Regardless of how the health questions will be answered, radioactive leaks raise concerns among the public.
In much of their discussion about the potential impacts of tritium on community, the watchdogs point to what happened at Braidwood.
In Illinois, tritium has been found in groundwater at three plants: Braidwood, Byron and Dresden, home to the nation’s first privately owned nuclear-power operation. All are owned by the Exelon Corp., which also owns seven other nuclear plants in Illinois, New Jersey and Pennsylvania, including Three Mile Island.
The widest contamination is at Braidwood, where millions of gallons of tritium-tainted water started leaking in 1996 but wasn’t disclosed publicly until late last year, after low levels were found in a nearby residential well. Exelon has blamed faulty valves on a 5-mile underground pipe that carries cooling water to the Kankakee River.

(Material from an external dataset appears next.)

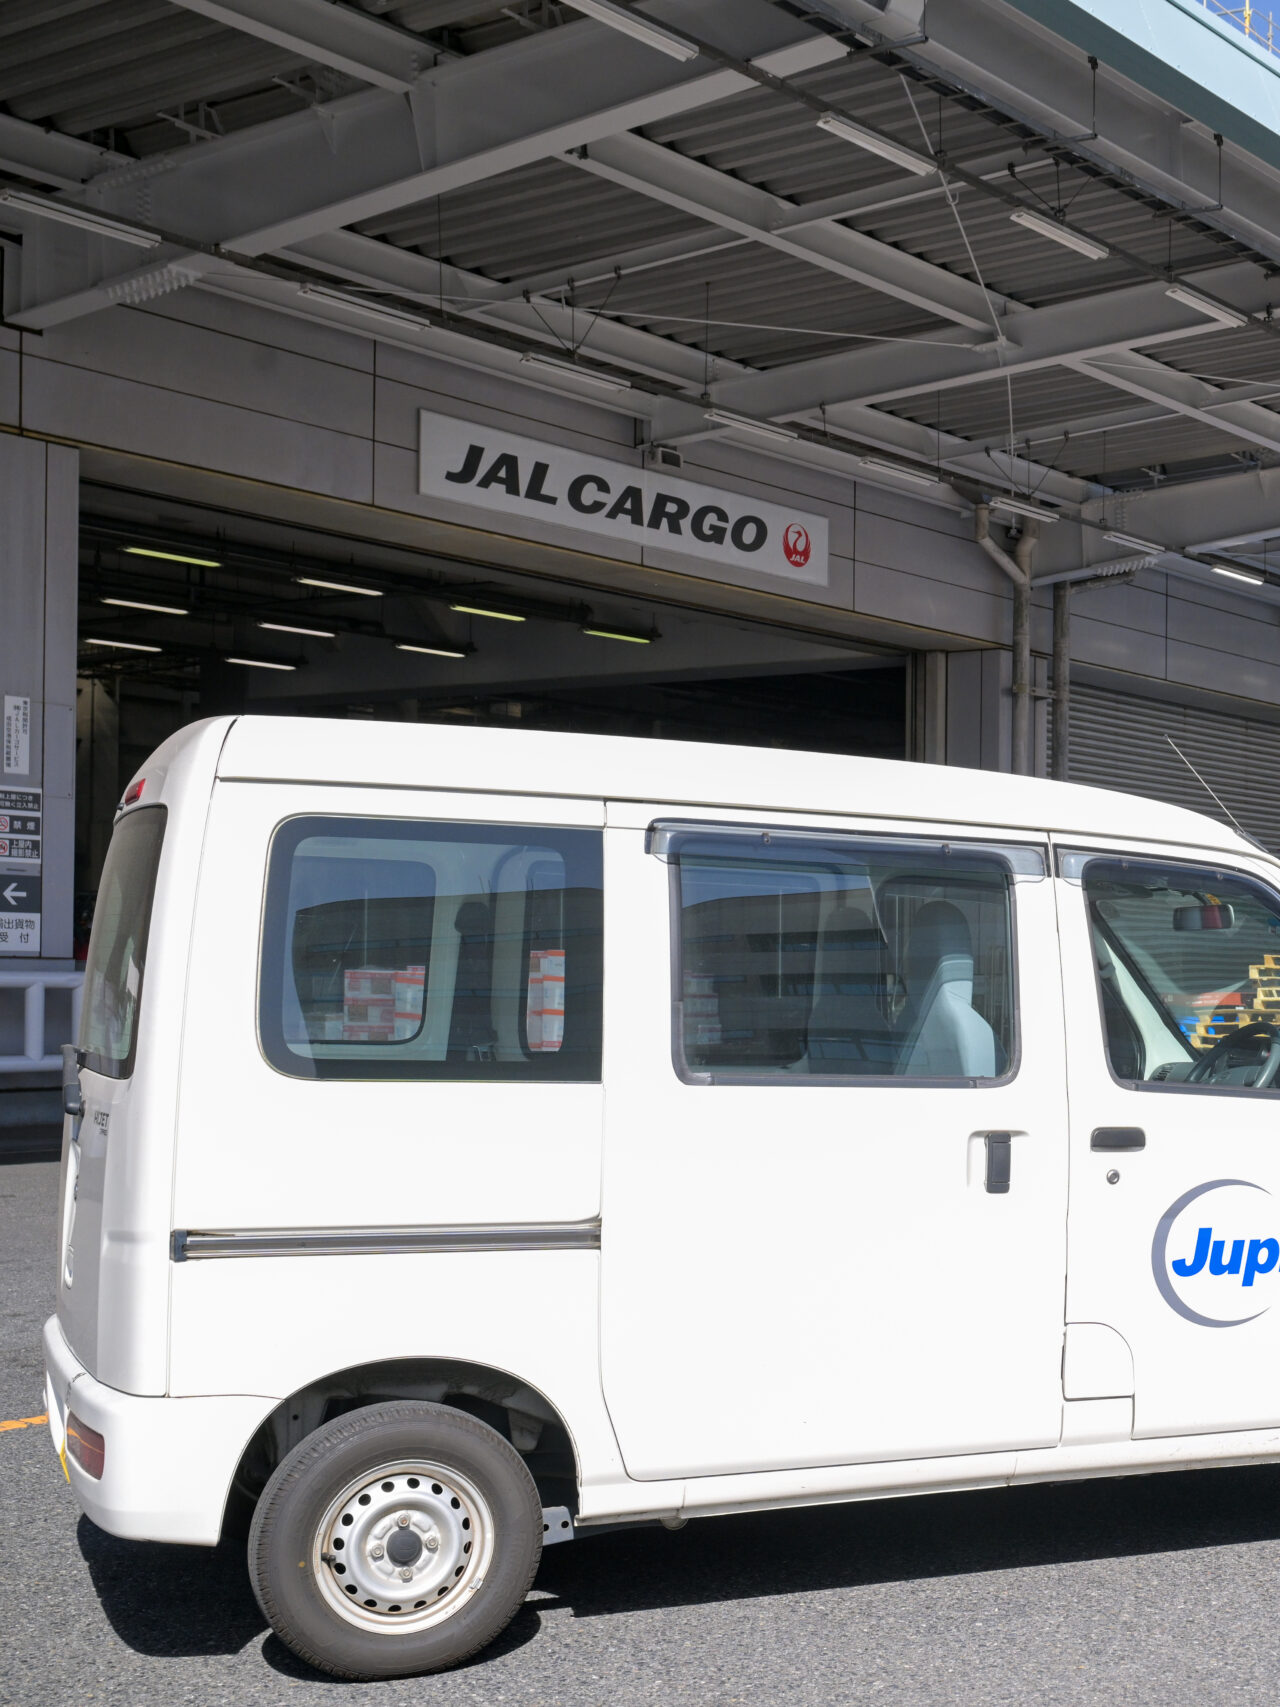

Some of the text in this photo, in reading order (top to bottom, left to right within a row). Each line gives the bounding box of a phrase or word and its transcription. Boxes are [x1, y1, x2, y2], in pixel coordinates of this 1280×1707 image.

[445, 444, 768, 552] JAL CARGO
[790, 554, 806, 564] JAL

As recently as Thursday, a steam leak there left 500 gallons of tritiated water pooled on the grounds.
Braidwood village resident Paul Anderson, a former Merchant Marine officer who lives with his wife in a townhouse about two miles north of the plant, said he was very concerned about the leaks and was now using bottled water for drinking and cooking.
“We never thought or suspected that these plants would have a problem,” Anderson said. “Somebody should be doing time for this; that’s the way I look at it.”
The Illinois attorney general and the Wills County state’s attorney sued last month over the undisclosed Braidwood leaks.
Craig Nesbit, a spokesman for Exelon Corp., said the company planned a cleanup.
“We’re going to scour our plants and scrub them from top to bottom, determine every piece of equipment that handles tritium, and make sure that it’s in absolutely top shape,” Nesbit said.
Closer to home, Indian Point officials note that the strontium and tritium leaks there have made company officials evaluate their other facilities. Indian Point’s parent company, Entergy, which owns 10 reactors and operates another for the state of Nebraska, has begun looking at its other locations for potential tritium leaks.
“We have a specific, comprehensive, fleetwide plan for assessing current groundwater monitoring and surveillance programs at each site,” Entergy spokesman Jim Steets said. “That grew out of what has happened at Indian Point.”
What is tritium?
Tritium is a radioactive isotope, or atomic form, of hydrogen that is produced naturally in the upper atmosphere and can be found as a gas, but most commonly occurs in water, which is formed when tritium is exposed to oxygen. It also is produced during nuclear weapons’ explosions and in reactors.
What is strontium 90?
Strontium 90 is an artificially produced radioactive isotope of strontium, a naturally occurring, soft, silvery metal that rapidly turns yellowish in air. Strontium 90 is a byproduct of nuclear fission in weapons and reactors and has been linked to bone cancer and leukemia. Strontium 90 moves easily through the environment and takes more than 29 years to lose half its radioactivity.